A subclinical infection is an infection that, being subclinical, is nearly or completely asymptomatic. A subclinically infected person is thus an asymptomatic carrier of a microbe, intestinal parasite, or virus that usually is a pathogen causing illness, many pathogens spread by being silently carried in this way by some of their host population. Such infections occur both in humans and nonhuman animals, an example of an asymptomatic infection is a mild common cold that is not noticed by the infected individual.
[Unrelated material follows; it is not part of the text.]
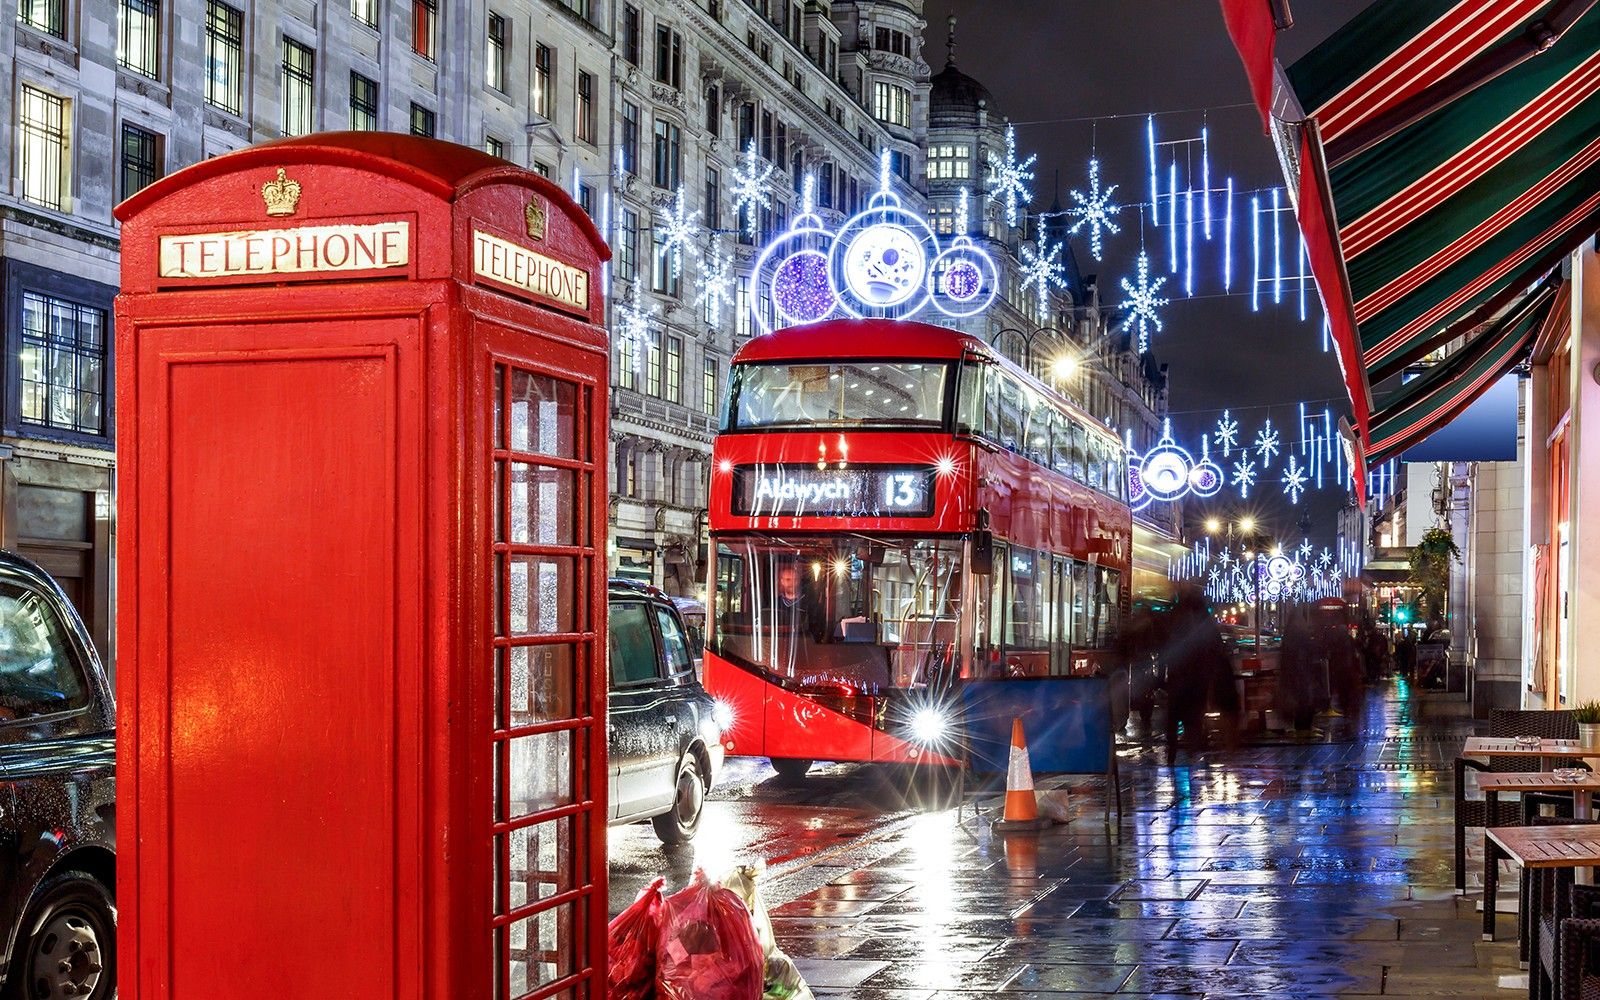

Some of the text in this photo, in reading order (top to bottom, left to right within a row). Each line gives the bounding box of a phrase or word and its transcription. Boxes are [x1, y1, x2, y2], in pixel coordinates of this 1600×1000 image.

[173, 231, 400, 273] TELEPHONE
[477, 238, 583, 305] TELEPHONE
[758, 475, 914, 506] Aldwych 13
Since subclinical infections often occur without eventual overt sign, their existence is only identified by microbiological culture or DNA techniques such as polymerase chain reaction, an individual may only develop signs of an infection after a period of subclinical infection, a duration that is called the incubation period. This is the case, for example, for sexually transmitted diseases such as AIDS. Individuals with such subclinical infections, and those that never develop overt illness, they are evolved physiological and behavioral responses of the host to clear itself of the infection.
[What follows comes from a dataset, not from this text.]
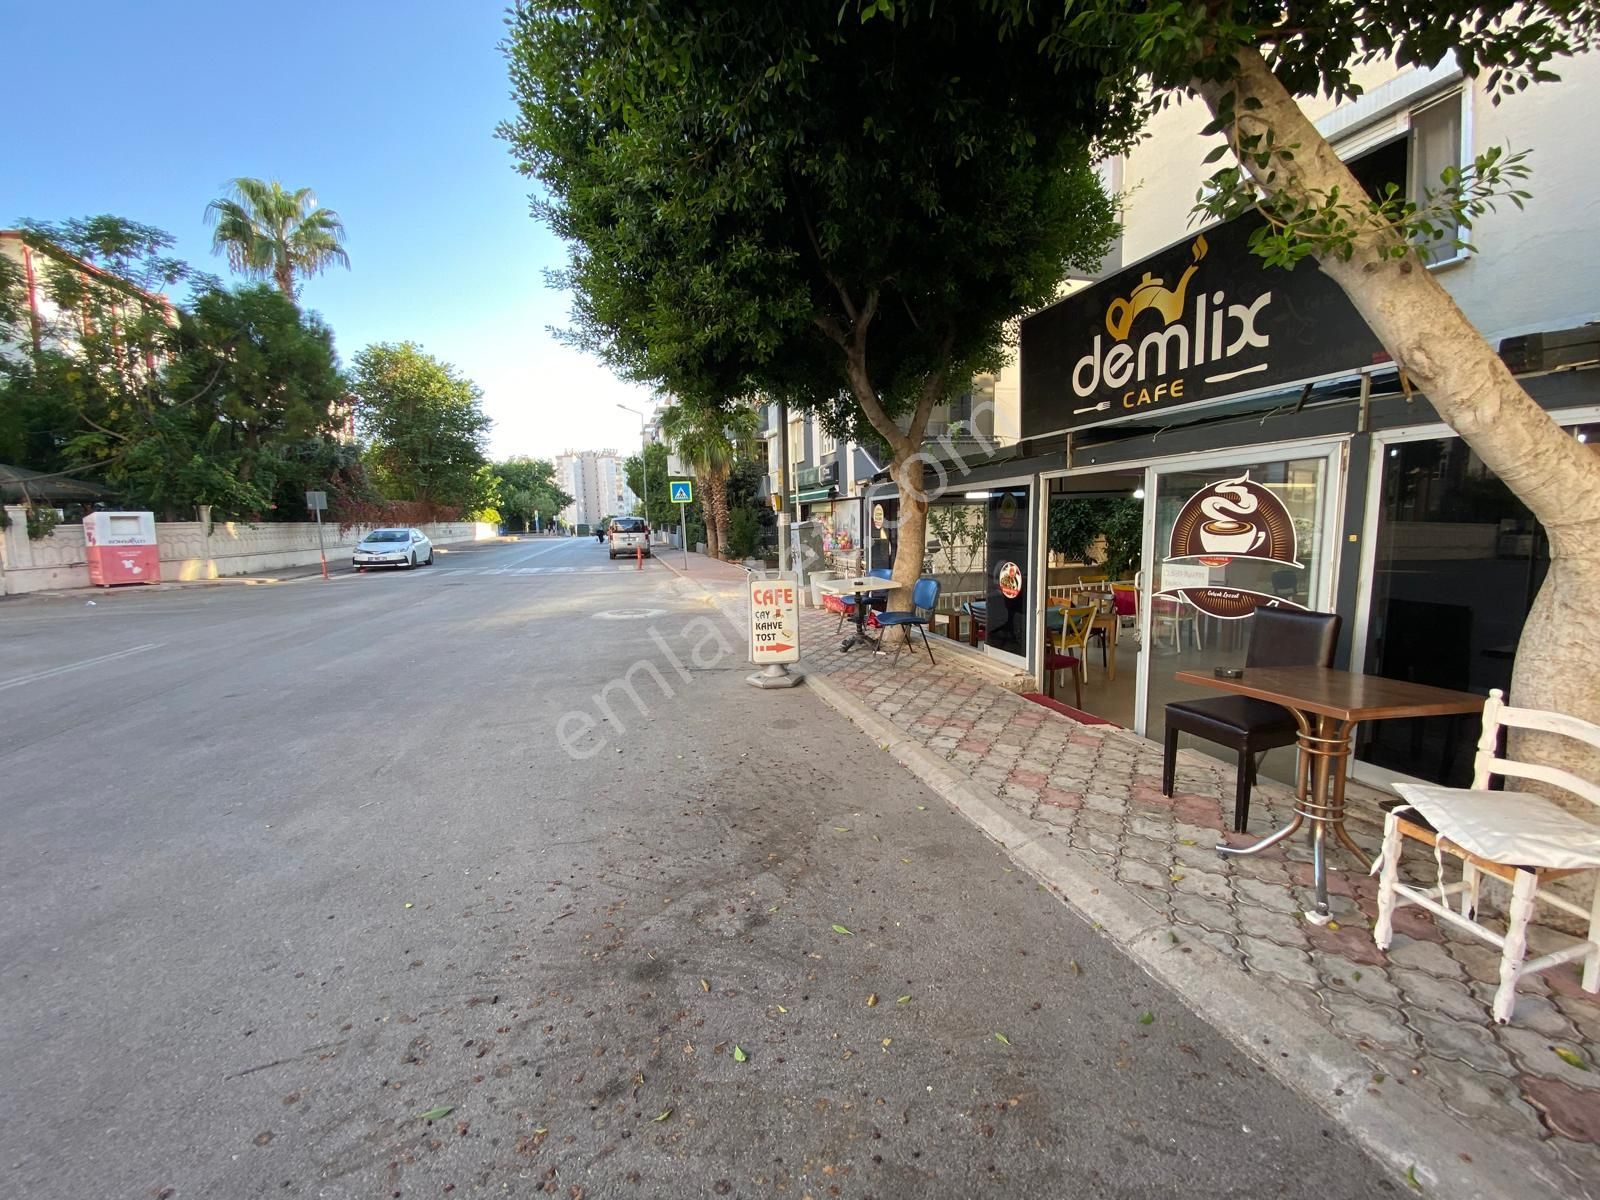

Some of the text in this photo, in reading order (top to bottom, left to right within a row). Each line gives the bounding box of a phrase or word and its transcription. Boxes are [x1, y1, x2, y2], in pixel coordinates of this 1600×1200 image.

Instead of incurring the costs of deploying these evolved responses to infections, Subclinical infections are important since they allow infections to spread from a reserve of carriers. They can cause clinical problems unrelated to the issue of infection. For example, in the case of urinary infections in women. Endara, Trueba, Solberg, Owen D. Bates, Sarah J. Ponce, Cevallos, Matthijnssens, Eisenberg and Subclinical Infection with Rotavirus PG9, Rural Ecuador
In medicine, a disease is considered asymptomatic if a patient is a carrier for a disease or infection but experiences no symptoms. A condition might be if it fails to show the noticeable symptoms with which it is usually associated. Asymptomatic infections are called subclinical infections, other diseases might be considered subclinical if they present some but not all of the symptoms required for a clinical diagnosis. The term clinically silent is used, knowing that a condition is asymptomatic is important because, It may develop symptoms and so require watch and wait or early treatment. It may resolve itself or become benign and it is required that a person undergoes treatment so it does not cause medical problems such as high blood pressure and hyperlipidaemia. Be alert to possible problems, asymptomatic hypothyroidism makes a person vulnerable to Wernicke-Korsakoff syndrome or beri-beri following intravenous glucose, the affected person may be infectious and unknowingly spread the infection to others.
An example of a disease is Cytomegalovirus which is a member of the herpes virus. It is estimated that 1% of all newborns are infected with CMV, in some diseases, the proportion of asymptomatic cases can be important. For example in multiple sclerosis it is estimated that around 25% of the cases are asymptomatic, asymptomatic conditions may not be discovered until the patient undergoes medical tests. Some people may remain asymptomatic for a long period of time. If a patient is asymptomatic, precautionary steps must be taken, a patients individual genetic makeup may delay or prevent the onset of symptoms. Some diseases are defined only clinically, like AIDS being opposed to HIV infection, therefore it makes no sense to speak about asymptomatic AIDS. This concept of clinically defined diseases is related in some way to the concept of syndrome and these are conditions for which there is a sufficient number of documented individuals that are asymptomatic that it is clinically noted. For a complete list of asymptomatic infections see subclinical infection
International Standard Book Number
The International Standard Book Number is a unique numeric commercial book identifier. An ISBN is assigned to each edition and variation of a book, for example, an e-book, a paperback and a hardcover edition of the same book would each have a different ISBN. The ISBN is 13 digits long if assigned on or after 1 January 2007, the method of assigning an ISBN is nation-based and varies from country to country, often depending on how large the publishing industry is within a country. The initial ISBN configuration of recognition was generated in 1967 based upon the 9-digit Standard Book Numbering created in 1966, the 10-digit ISBN format was developed by the International Organization for Standardization and was published in 1970 as international standard ISO2108. Occasionally, a book may appear without a printed ISBN if it is printed privately or the author does not follow the usual ISBN procedure, this can be rectified later. Another identifier, the International Standard Serial Number, identifies periodical publications such as magazines, the ISBN configuration of recognition was generated in 1967 in the United Kingdom by David Whitaker and in 1968 in the US by Emery Koltay.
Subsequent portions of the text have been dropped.